> [WHAT IS EXPECTED]
Every line of the listing below should be written out exactly, minus its images.
Top of SOURCE DATA
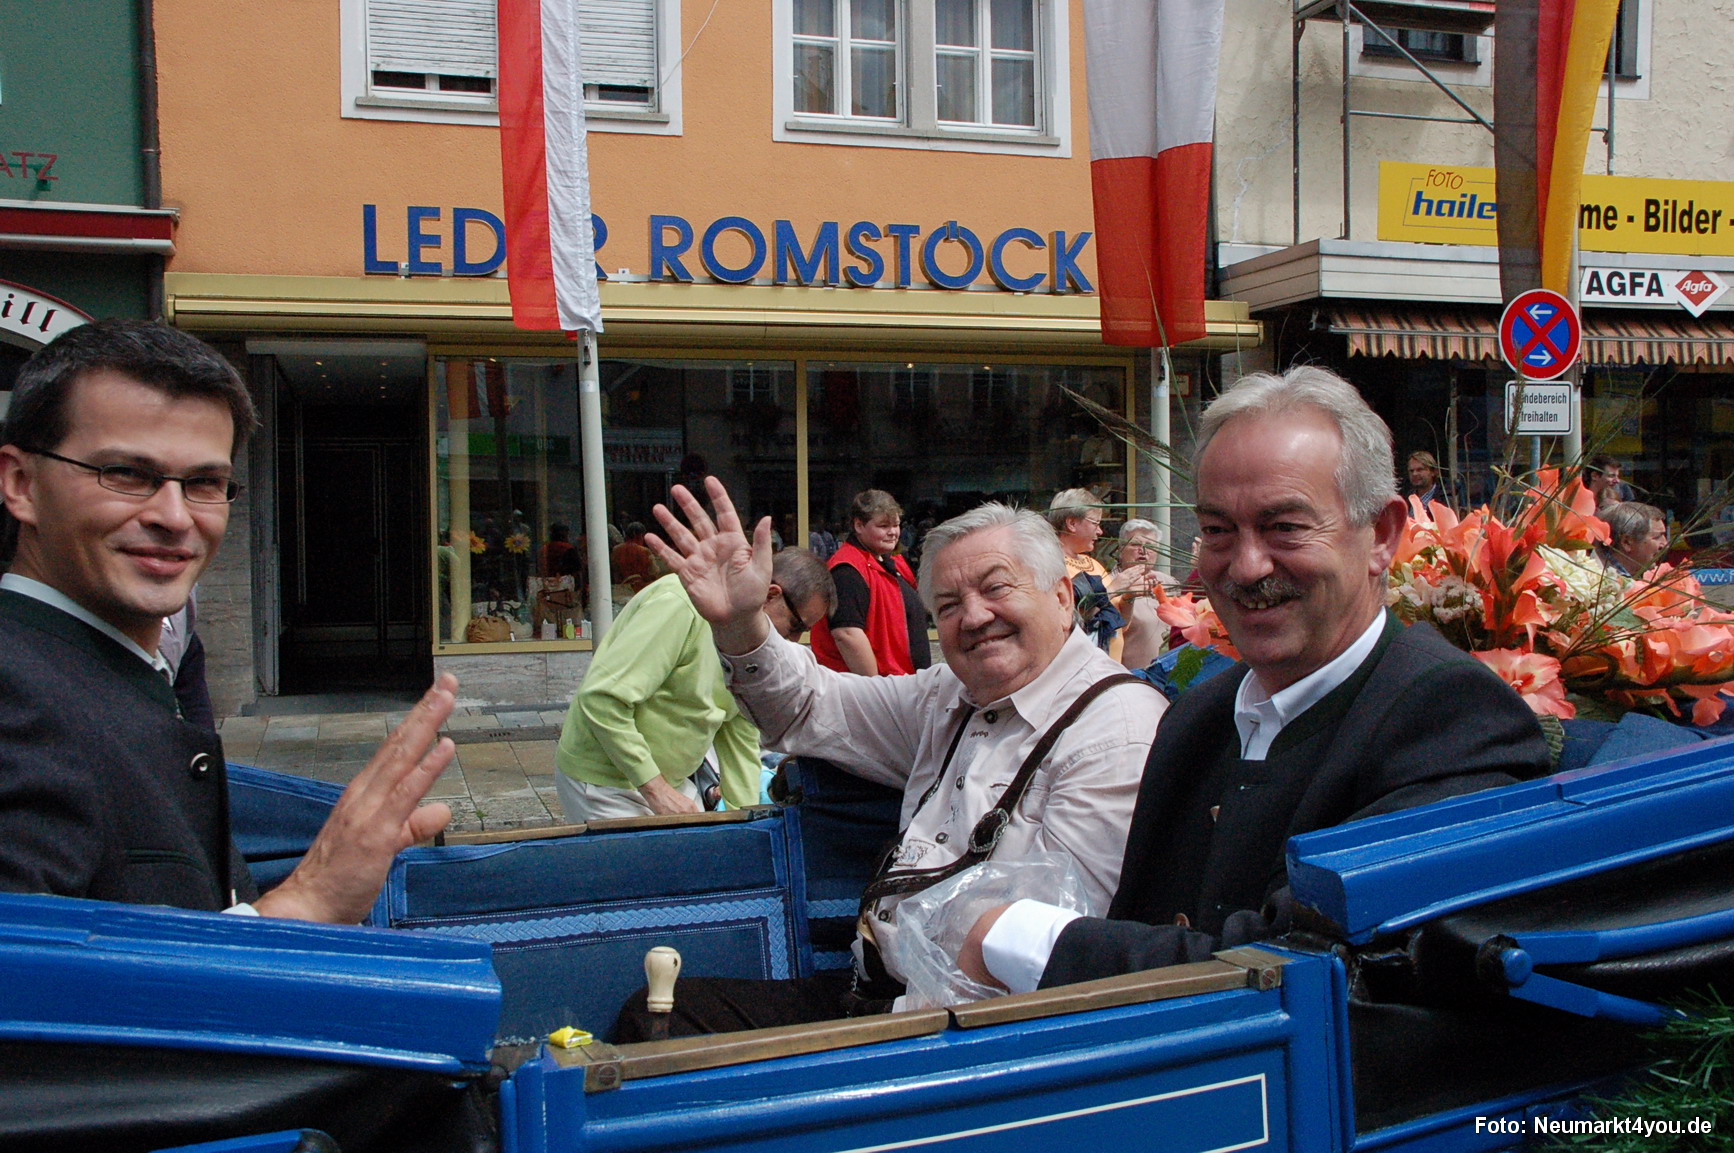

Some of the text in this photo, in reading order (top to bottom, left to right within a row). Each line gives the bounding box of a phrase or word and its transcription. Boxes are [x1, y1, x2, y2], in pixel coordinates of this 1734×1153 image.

[1426, 169, 1463, 189] FOTO
[1644, 198, 1722, 234] Bilder
[1585, 270, 1664, 297] AGFA
[1680, 279, 1712, 295] Agfa
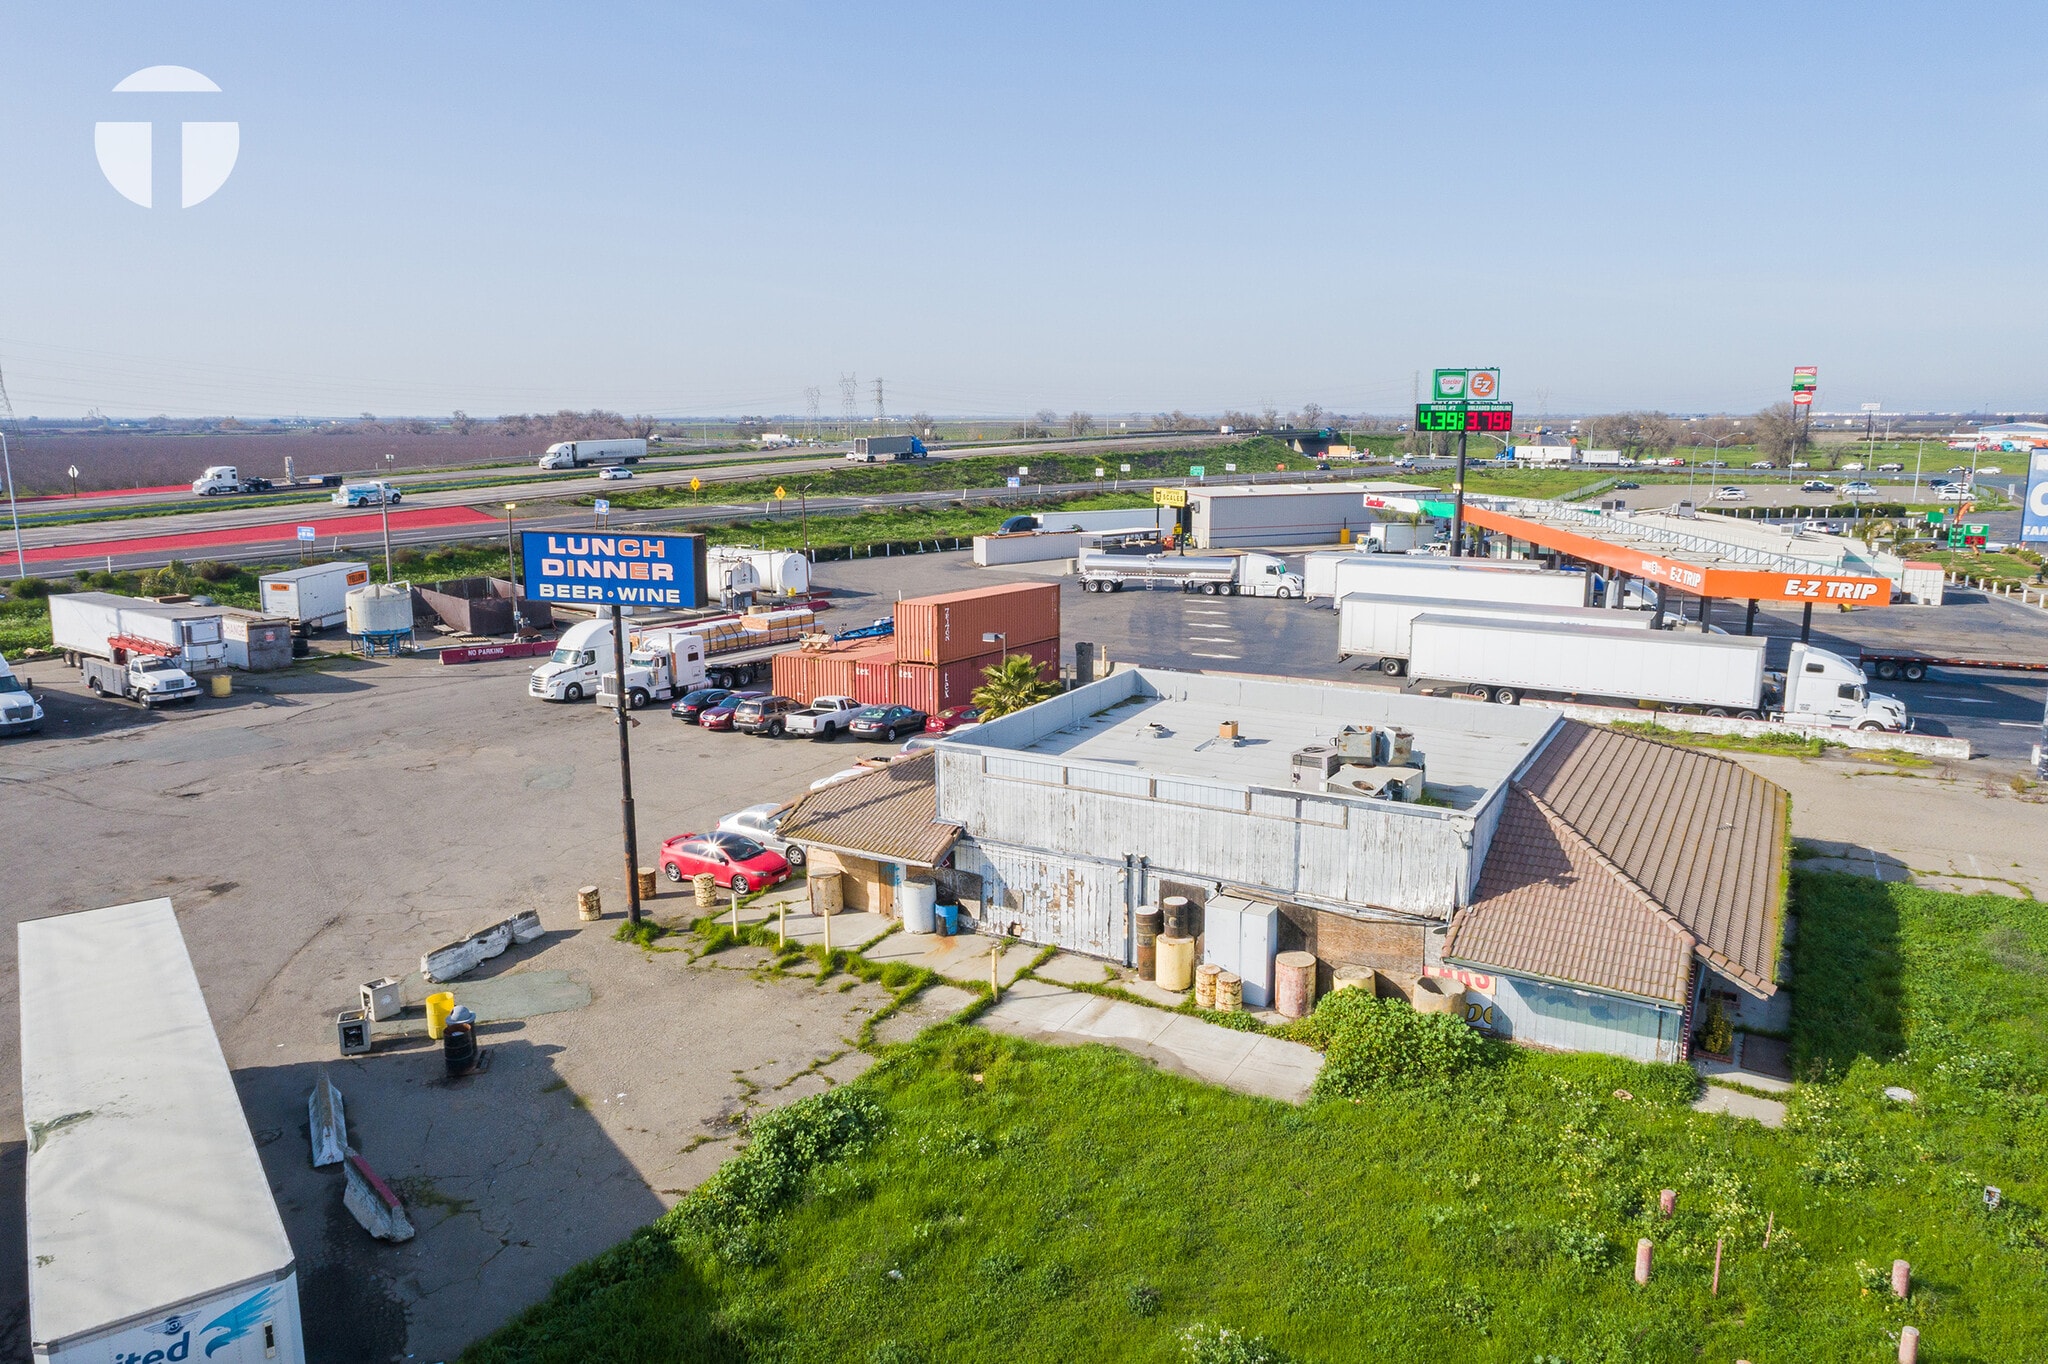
Bottom of SOURCE DATA
> [EXERCISE RESPONSE]
Some of the text in this photo, in reading order (top to bottom, left to right within a row). Each line gives the bounding box of a phrase or word and its transcription. Boxes are [x1, y1, x2, y2], in pixel coordinates of this 1734×1153 image.

[1426, 169, 1463, 189] FOTO
[1644, 198, 1722, 234] Bilder
[1585, 270, 1664, 297] AGFA
[1680, 279, 1712, 295] Agfa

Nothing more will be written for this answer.